- [Exercise prompt]: Each record below should be reproduced as it is written, with pictures left out entirely.

### Data to examine

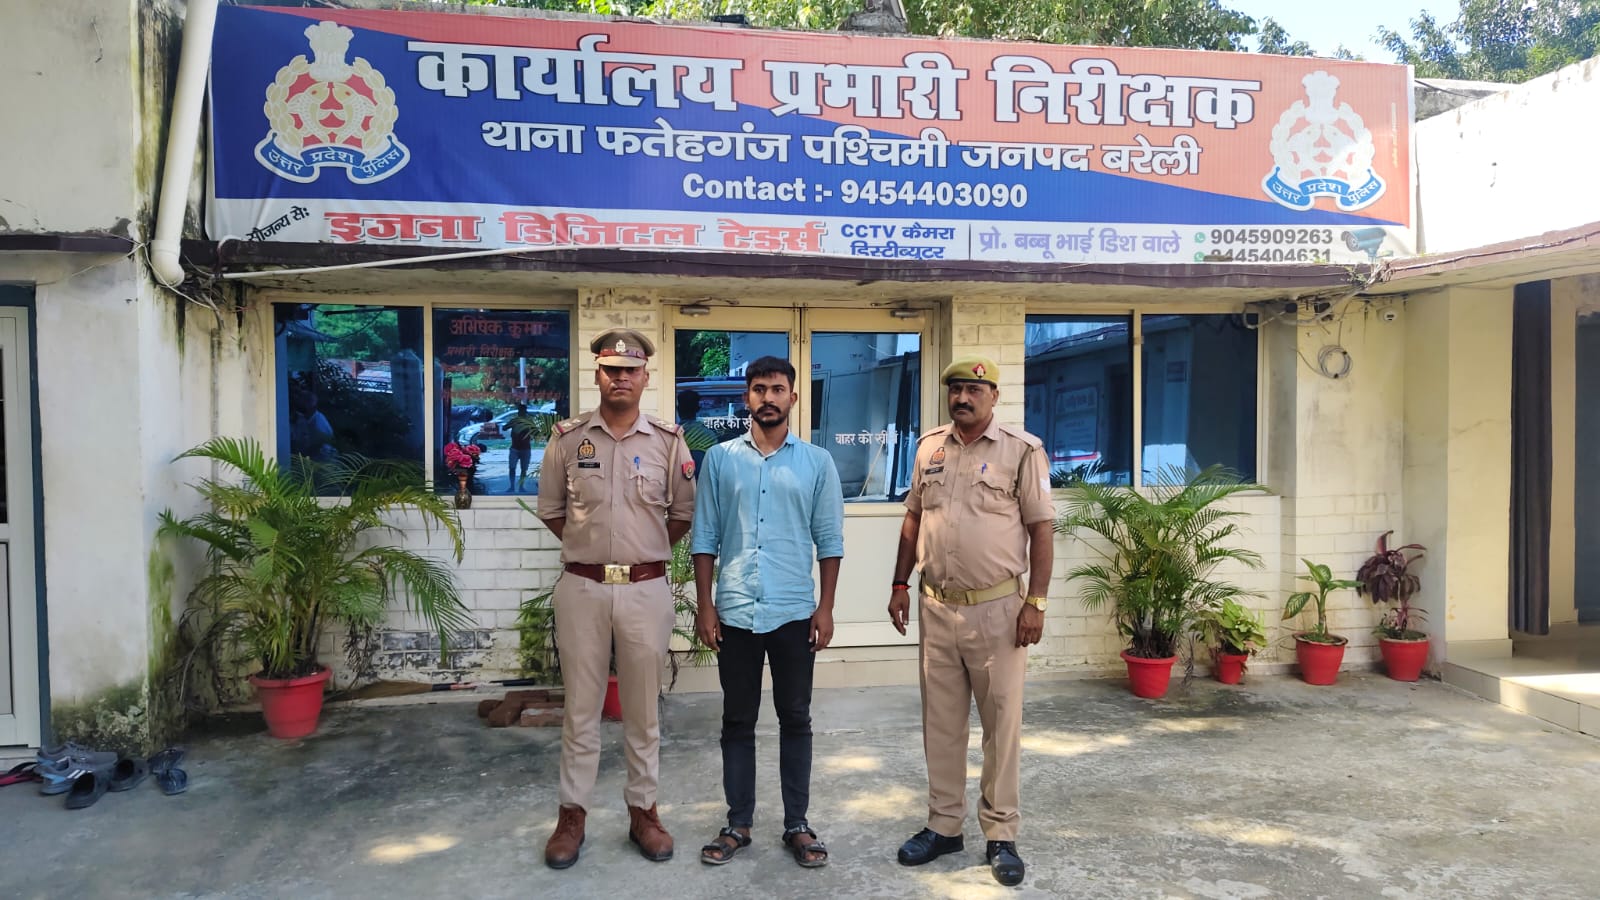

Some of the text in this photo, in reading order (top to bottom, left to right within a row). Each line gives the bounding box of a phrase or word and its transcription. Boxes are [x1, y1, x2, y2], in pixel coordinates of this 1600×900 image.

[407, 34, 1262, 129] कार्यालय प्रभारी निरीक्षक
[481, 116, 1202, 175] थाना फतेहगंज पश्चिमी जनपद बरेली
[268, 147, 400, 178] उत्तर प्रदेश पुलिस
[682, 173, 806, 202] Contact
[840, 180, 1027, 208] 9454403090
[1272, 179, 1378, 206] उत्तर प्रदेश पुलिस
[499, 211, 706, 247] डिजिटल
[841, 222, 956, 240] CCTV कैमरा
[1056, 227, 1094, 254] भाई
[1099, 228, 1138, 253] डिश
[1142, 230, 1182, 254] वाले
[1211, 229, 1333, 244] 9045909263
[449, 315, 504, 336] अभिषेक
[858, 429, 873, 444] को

######

- [Answer box]:
Some of the text in this photo, in reading order (top to bottom, left to right within a row). Each line gives the bounding box of a phrase or word and its transcription. Boxes are [x1, y1, x2, y2], in pixel coordinates of this 1600×900 image.

[407, 34, 1262, 129] कार्यालय प्रभारी निरीक्षक
[481, 116, 1202, 175] थाना फतेहगंज पश्चिमी जनपद बरेली
[268, 147, 400, 178] उत्तर प्रदेश पुलिस
[682, 173, 806, 202] Contact
[840, 180, 1027, 208] 9454403090
[1272, 179, 1378, 206] उत्तर प्रदेश पुलिस
[499, 211, 706, 247] डिजिटल
[841, 222, 956, 240] CCTV कैमरा
[1056, 227, 1094, 254] भाई
[1099, 228, 1138, 253] डिश
[1142, 230, 1182, 254] वाले
[1211, 229, 1333, 244] 9045909263
[449, 315, 504, 336] अभिषेक
[858, 429, 873, 444] को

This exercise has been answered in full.